The simplest would probably be to just move half the bits left, and the other half right:

def hash(n):
  return ((0x0000FFFF & n)<<16) + ((0xFFFF0000 & n)>>16)

This is reversible, in that hash(hash(n)) = n, and has non-sequential pairs {n,m}, n < m, where hash(m) < hash(n).

And to get a much less sequential looking implementation, you might also want to consider an interlace reordering from [msb,z,...,a,lsb] to [msb,lsb,z,a,...] or [lsb,msb,a,z,...] or any other relocation you feel gives an appropriately non-sequential sequence for the numbers you deal with, or even add a XOR on top for peak desequential'ing.

(The above function is safe for numbers that fit in 32 bits, larger numbers are guaranteed to cause collisions and would need some more bit mask coverage to prevent problems. That said, 32 bits is usually enough for any non-security uid).

Also have a look at the multiplicative inverse answer given by Andy Hayden, below.

Apportionment answered 22/10, 2012 at 19:57 Comment(7)
I don't really remember what I wanted this for, now (:P), but your answer seems to exactly fit the bill, so I'll mark it as the correct one, thank you.Cumulation
Fantastic solution, actually. It has all the properties I was looking for. Now if I can only remember what I wanted it for...Cumulation
This method can be generalized to an arbitrary permutation of the bits in the input number.Diantha
I mentioned that as "To get a less sequential looking implementation, you might also want to consider [...] or any other relocation you feel gives an appropriately non-sequential sequence for the numbers you deal with."Mall
Would this work for a stream of n's? That's what I need, maybe another question for that? Note that all n's represent values << 32bit, cannot have collisions and max 64 n's. And I have a similar need, possibly on the order of 64bit.Fondea
Probably? this is a reversible int cypher, so if you have a stream of ints, just cypher them in sequence, and recypher them in sequence.Mall
What about a ("nondeterministic") reversible hash? A conventional hash from a big set to a smaller set, i.e., with collisions. The reversion would return all possible inputs for that hash. This would require brute force for most hashes, but maybe there are hashing algorithms specifically intended for that.Jase
D
36

Another simple solution is to use multiplicative inverses (see Eri Clippert's blog):

we showed how you can take any two coprime positive integers x and m and compute a third positive integer y with the property that (x * y) % m == 1, and therefore that (x * z * y) % m == z % m for any positive integer z.
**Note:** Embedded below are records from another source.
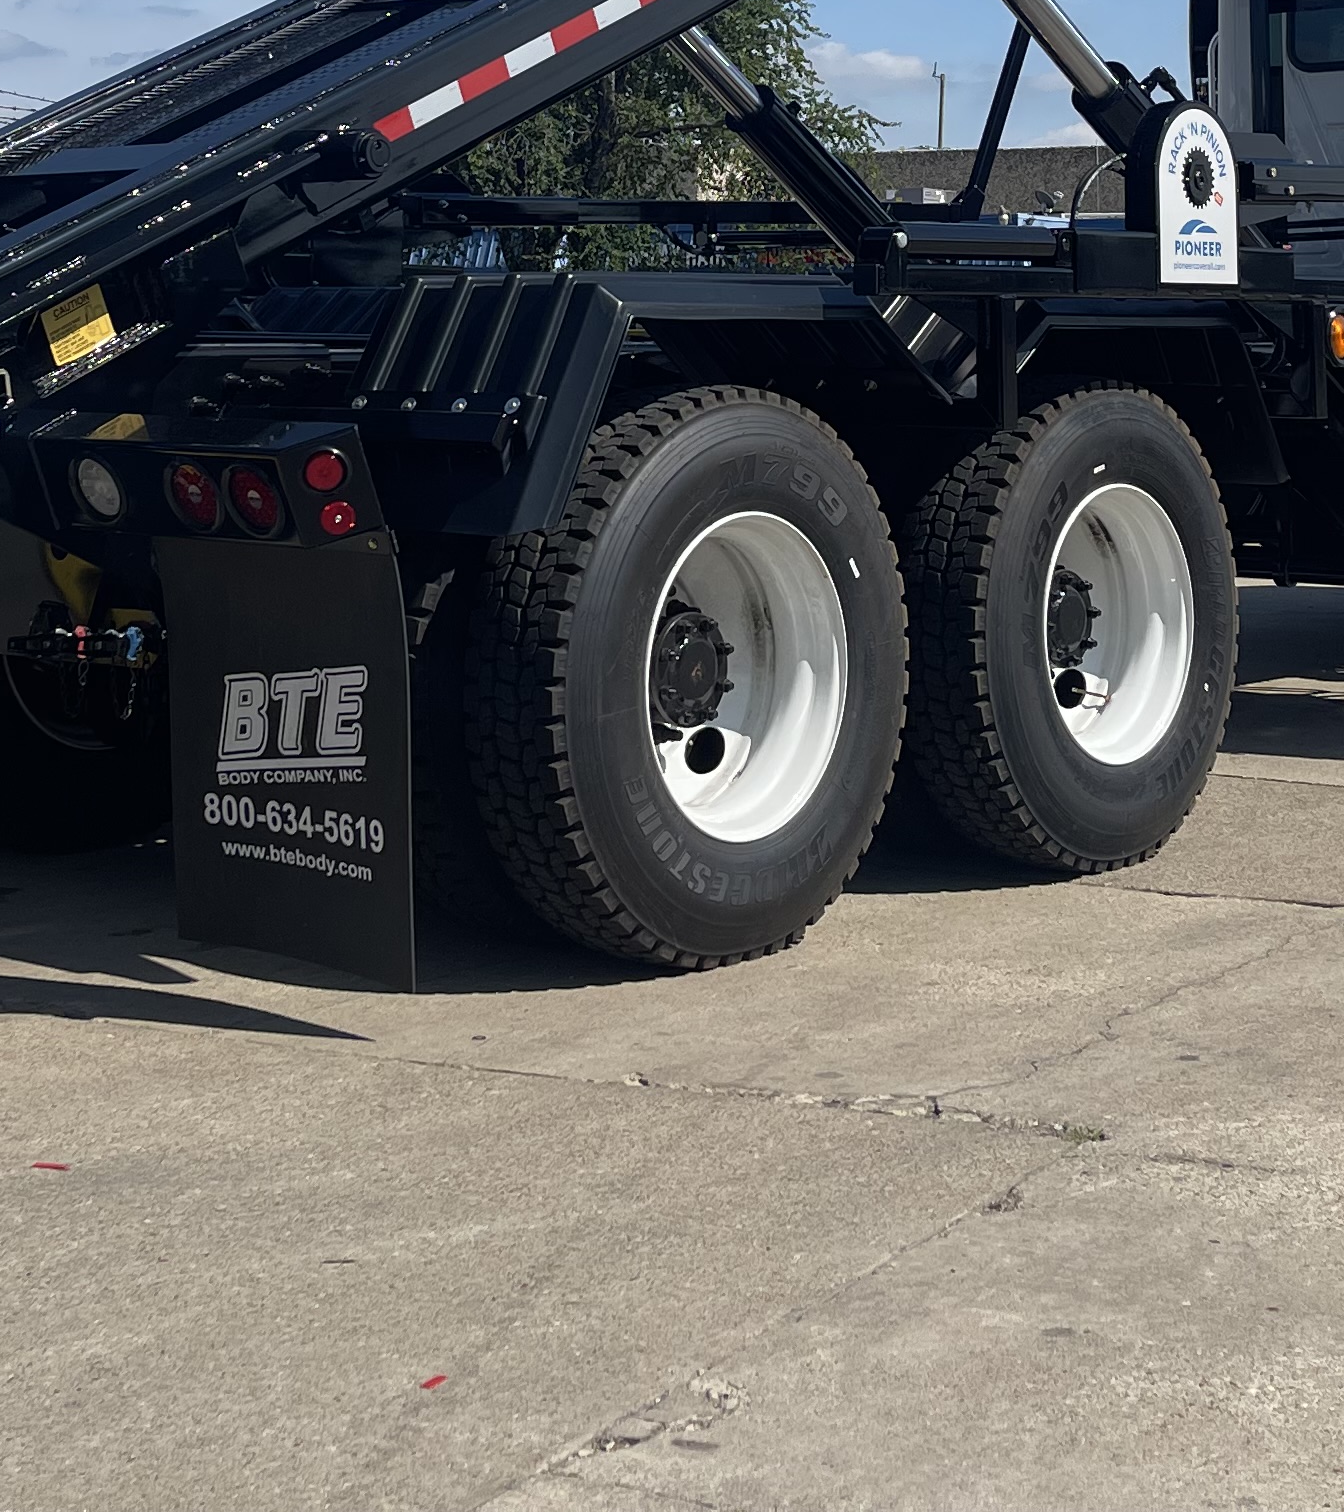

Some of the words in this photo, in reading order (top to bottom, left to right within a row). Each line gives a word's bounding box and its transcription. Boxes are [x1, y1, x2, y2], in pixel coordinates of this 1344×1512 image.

[1168, 127, 1189, 175] RACK
[1199, 123, 1227, 178] PINION
[1174, 240, 1223, 257] PIONEER
[53, 292, 90, 318] CAUTION
[718, 450, 850, 529] M799
[218, 665, 368, 760] BTE
[218, 771, 259, 786] BODY
[263, 769, 337, 785] COMPANY,
[339, 768, 368, 783] INC.
[204, 792, 385, 854] 800-634-5619
[221, 841, 373, 882] www.btebody.com
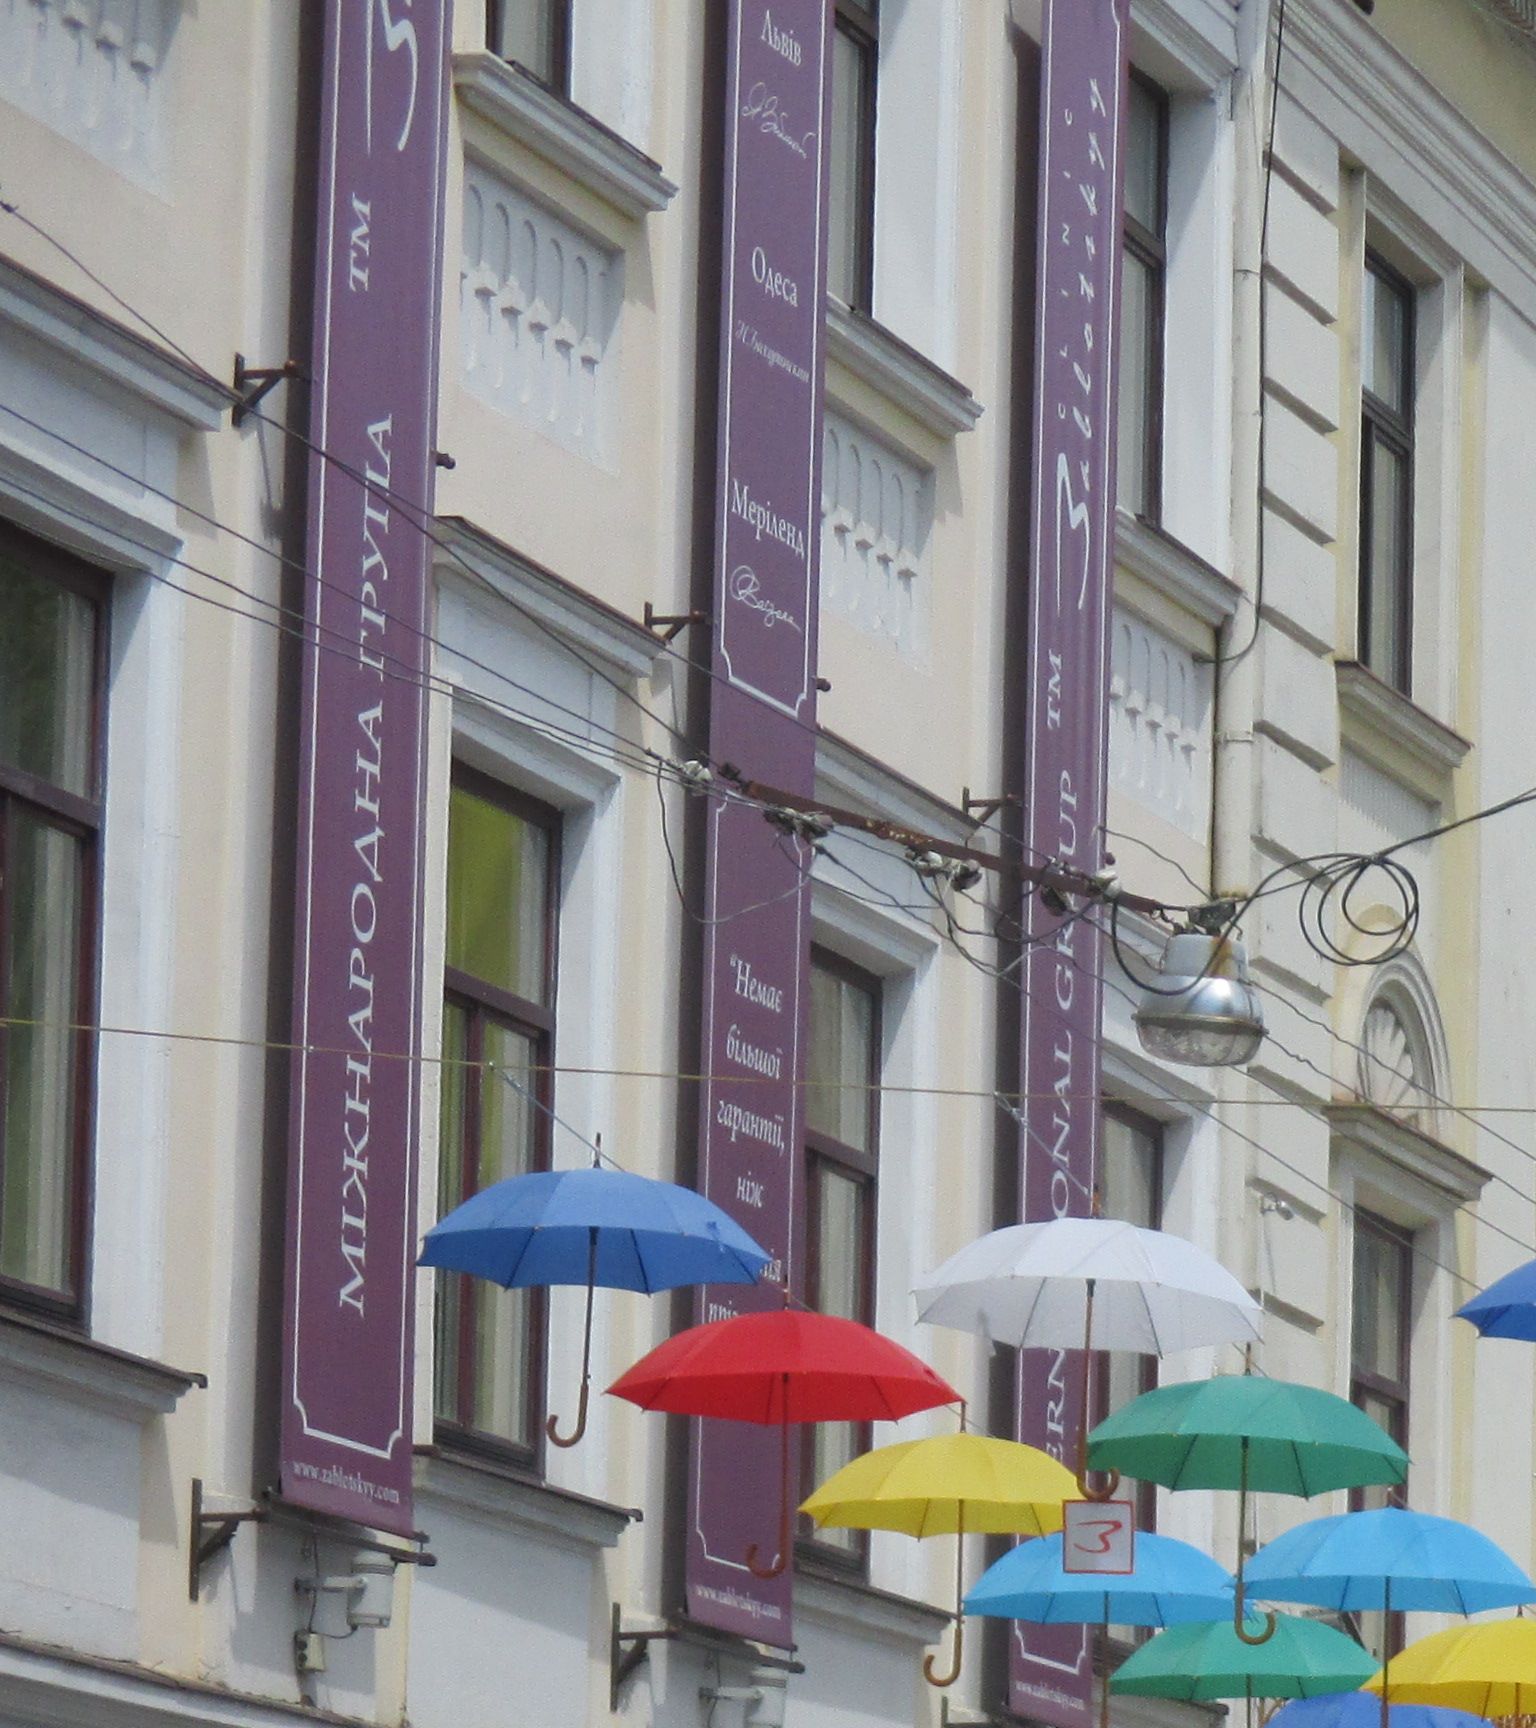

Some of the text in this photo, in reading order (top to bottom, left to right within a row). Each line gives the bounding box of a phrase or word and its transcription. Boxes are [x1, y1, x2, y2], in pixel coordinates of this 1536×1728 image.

[360, 413, 393, 682] ГРУПА
[340, 701, 385, 1319] МІЖНАРОДНА
[736, 1171, 765, 1209] ніж
That is, there always exists a “multiplicative inverse”, that “undoes” the results of multiplying by x modulo m.

We take a large number e.g. 4000000000 and a large co-prime number e.g. 387420489:

def rhash(n):
    return n * 387420489 % 4000000000

>>> rhash(12)
649045868

We first calculate the multiplicative inverse with modinv which turns out to be 3513180409:

>>> 3513180409 * 387420489 % 4000000000
1

Now, we can define the inverse:

def un_rhash(h):
    return h * 3513180409 % 4000000000

>>> un_rhash(649045868)  # un_rhash(rhash(12))
12

Note: This answer is fast to compute and works for numbers up to 4000000000, if you need to handle larger numbers choose a sufficiently large number (and another co-prime).


You may want to do this with hexidecimal (to pack the int):

def rhash(n):
    return "%08x" % (n * 387420489 % 4000000000)

>>> rhash(12)
'26afa76c'

def un_rhash(h):
    return int(h, 16) * 3513180409 % 4000000000

>>> un_rhash('26afa76c')  # un_rhash(rhash(12))
12

If you choose a relatively large co-prime then this will seem random, be non-sequential and also be quick to calculate.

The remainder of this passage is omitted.